Sinead Morrissey has written three or so poems in her new collection, which, for their music, intelligence, feeling and virtuoso use of form, push the writing of verse forward a decade or so.

Polly Clark's sense of style, humour and fresh new perspective on love, and animals, establishes her as one of the best of the younger generation of poets now writing in the U.K.

Carol Ann Duffy's new long series of love poems takes the entire canon of English love poetry and turns it on its head, daringly testing found ideas and cliche, and providing her own sense of beauty. "Tea" is an exceptionally moving poem.
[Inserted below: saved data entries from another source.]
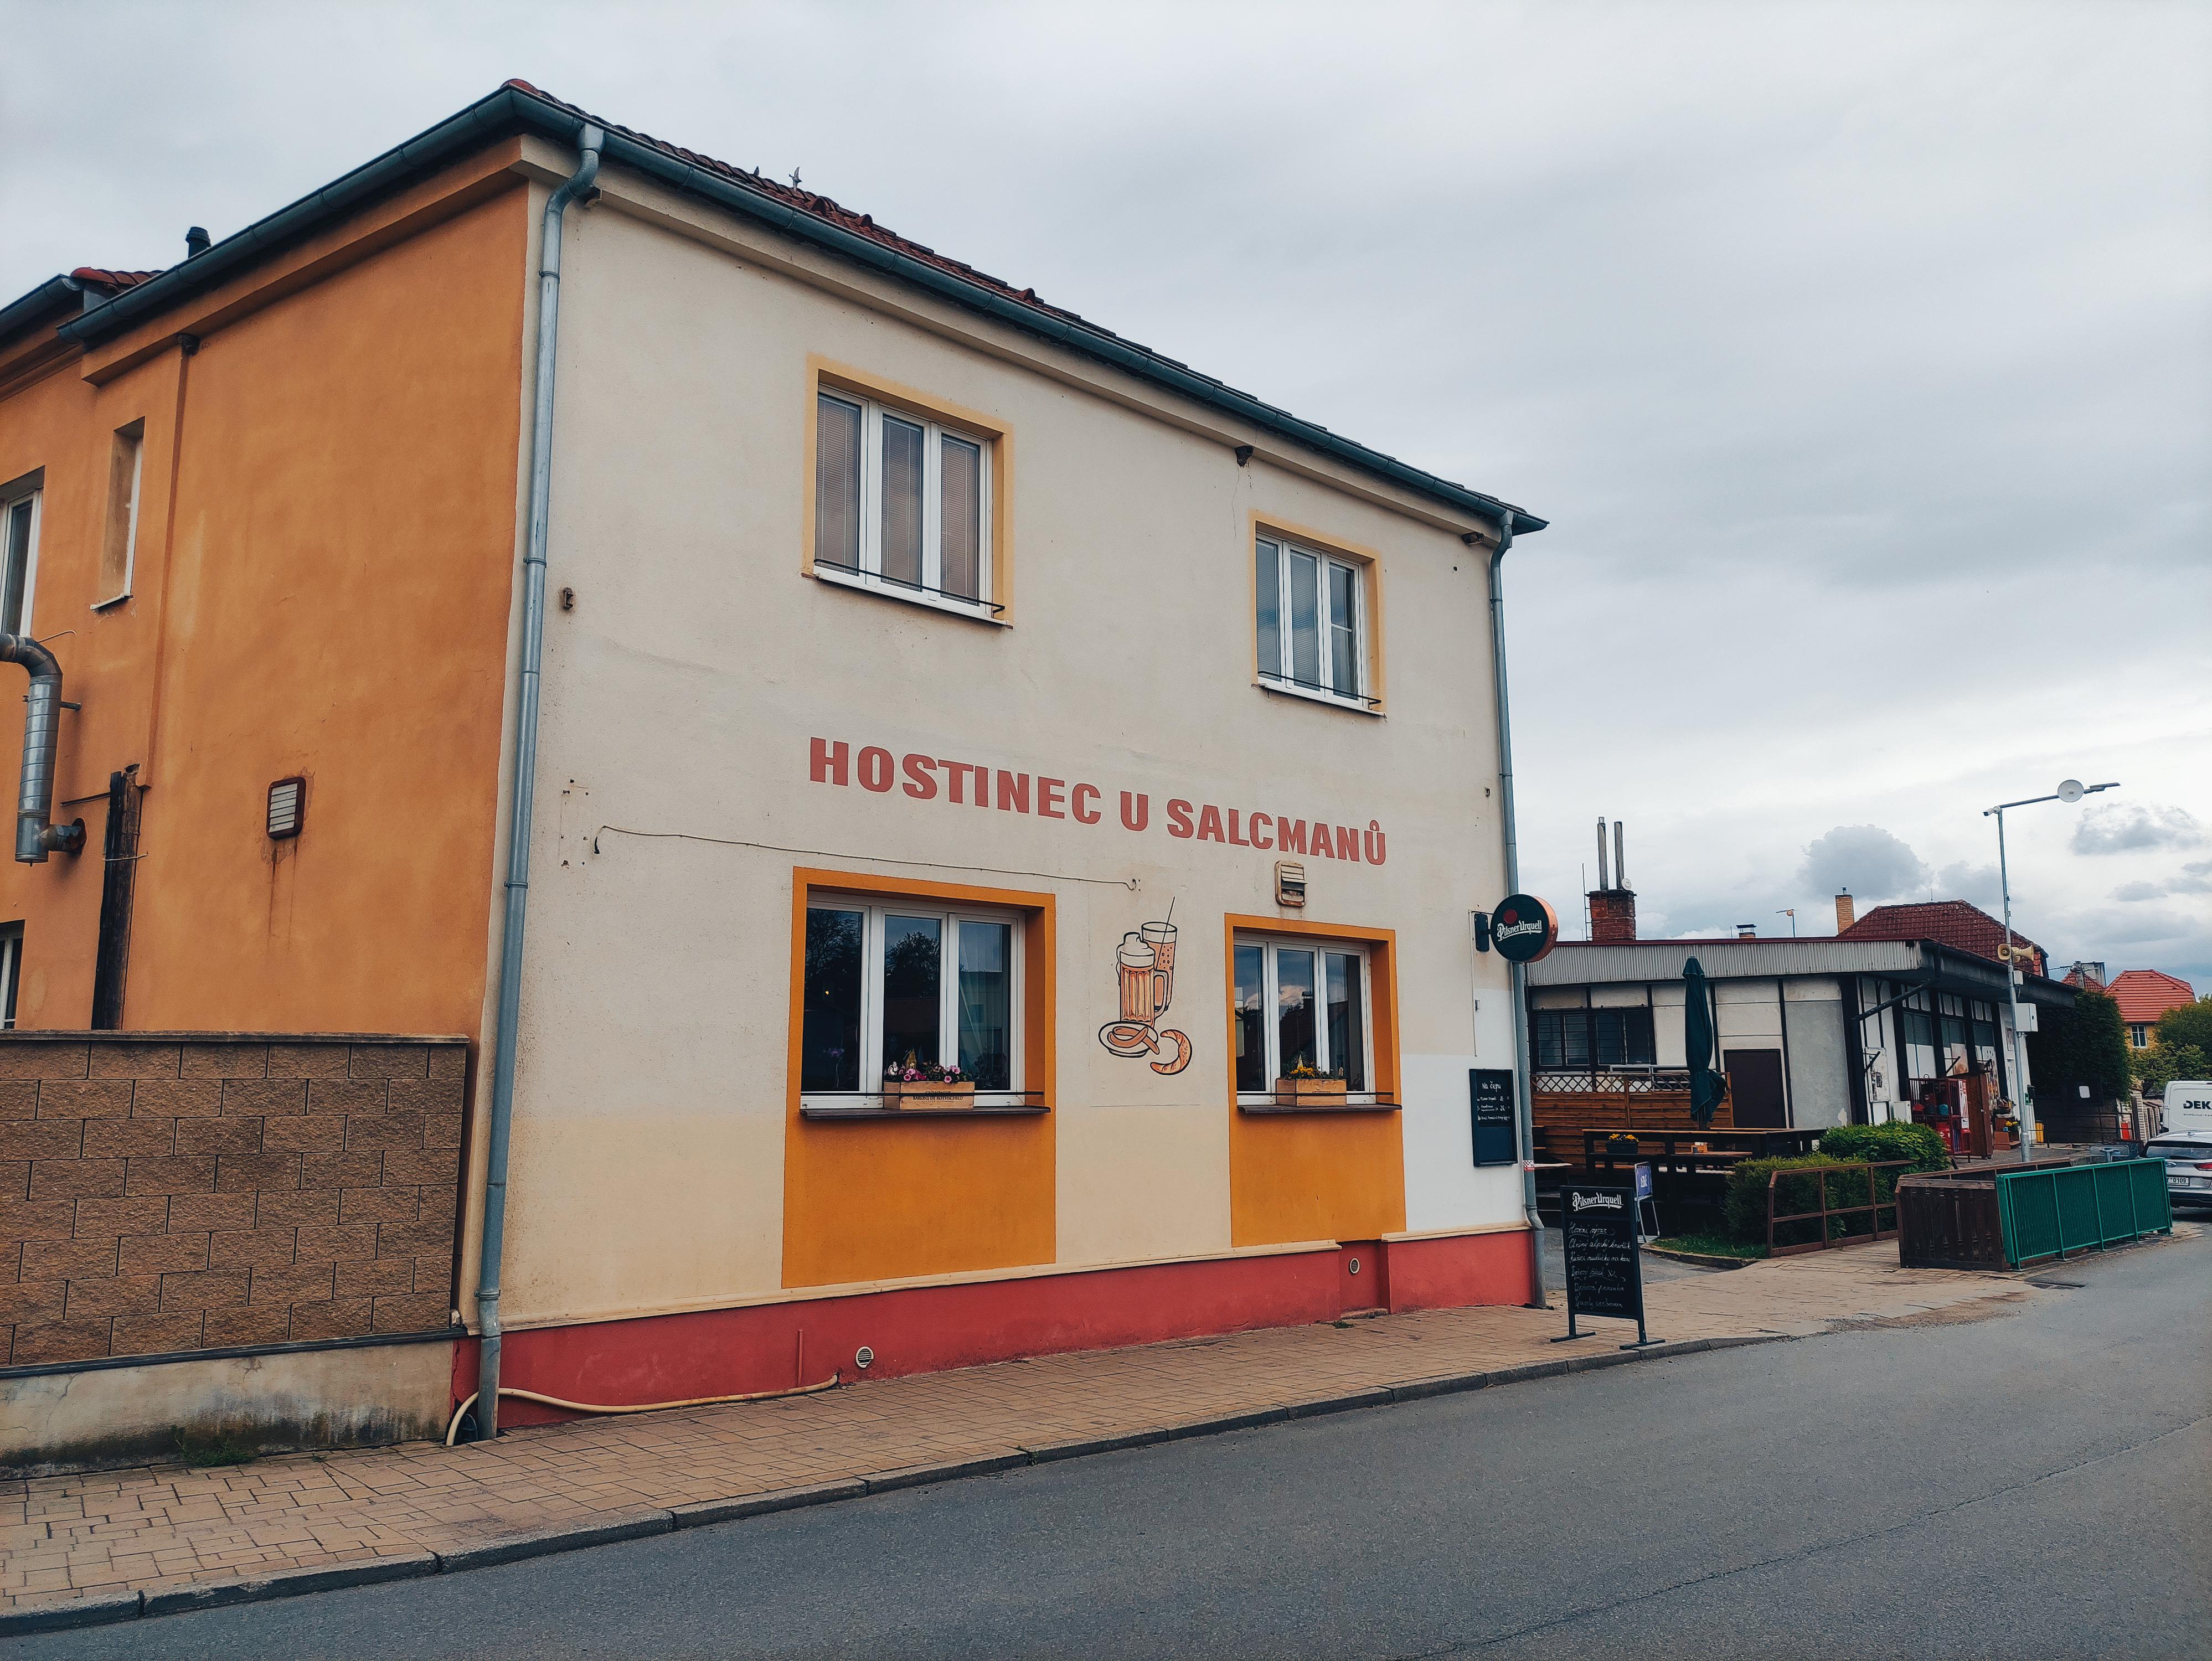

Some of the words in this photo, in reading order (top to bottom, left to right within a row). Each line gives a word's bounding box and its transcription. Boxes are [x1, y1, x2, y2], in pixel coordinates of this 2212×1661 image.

[810, 737, 1101, 824] HOSTINEC
[1121, 791, 1148, 832] U
[1167, 799, 1386, 865] SALCMANŮ
[1497, 923, 1519, 941] Pilsner
[1519, 920, 1543, 935] Urquell
[1490, 1081, 1501, 1092] čepu
[1572, 1192, 1597, 1211] Pilsner
[1596, 1192, 1623, 1208] Urquell
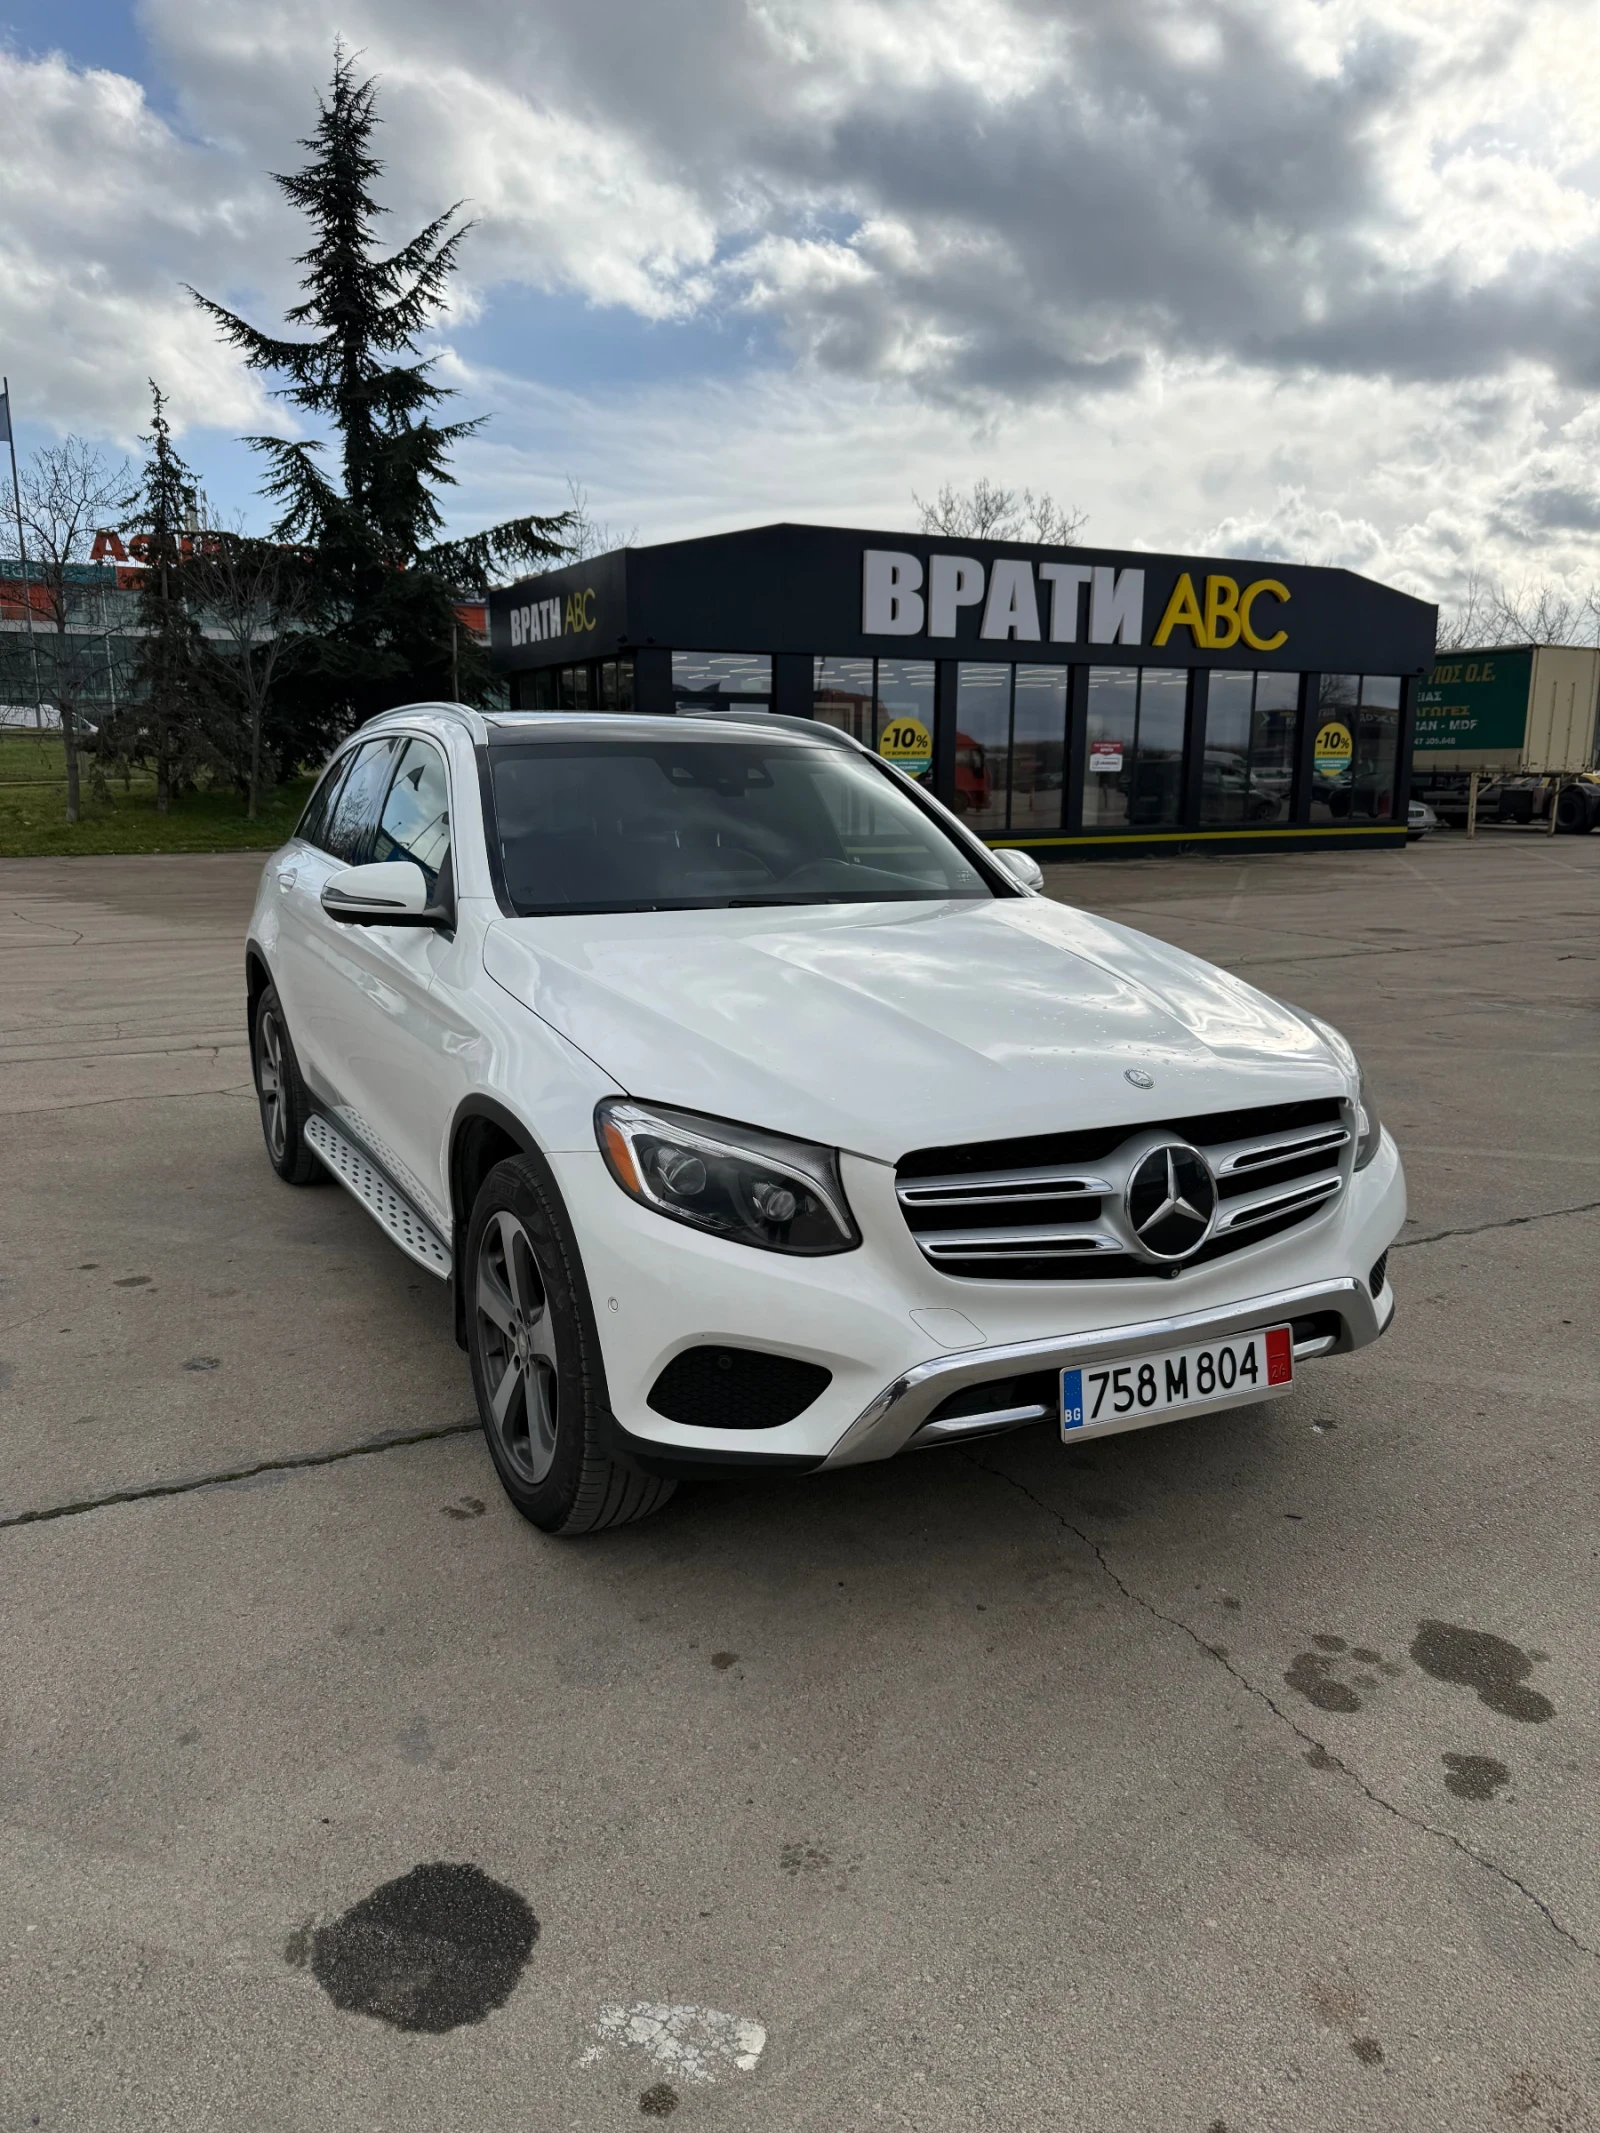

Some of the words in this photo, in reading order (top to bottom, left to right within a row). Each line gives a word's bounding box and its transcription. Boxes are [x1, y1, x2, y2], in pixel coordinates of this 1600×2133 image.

Alice Oswald has adopted the tone, high seriousness and mythical agon of a Ted Hughes, and re-expressed it importantly in terms of 21st century language - at once looser, and more austere - and never as assured, given the complexities of how meaning and language are now known to interlock.

Pugh, Woodward and Farish have each written very succesful lyric poems that explore memory, love, loss, and the human need to establish order in a disordered world, through well-deployed images and often inventive lines and phrases.

ANNOUNCING THE EYEWEAR PRIZE FOR THE 21 BEST POETRY BOOKS OF THE 21 CENTURY

THE EYEWEAR PRIZE FOR THE 21 BEST POETRY BOOKS OF THE 21ST CENTURY, IN ENGLISH is a one-off major international award, to be judged by...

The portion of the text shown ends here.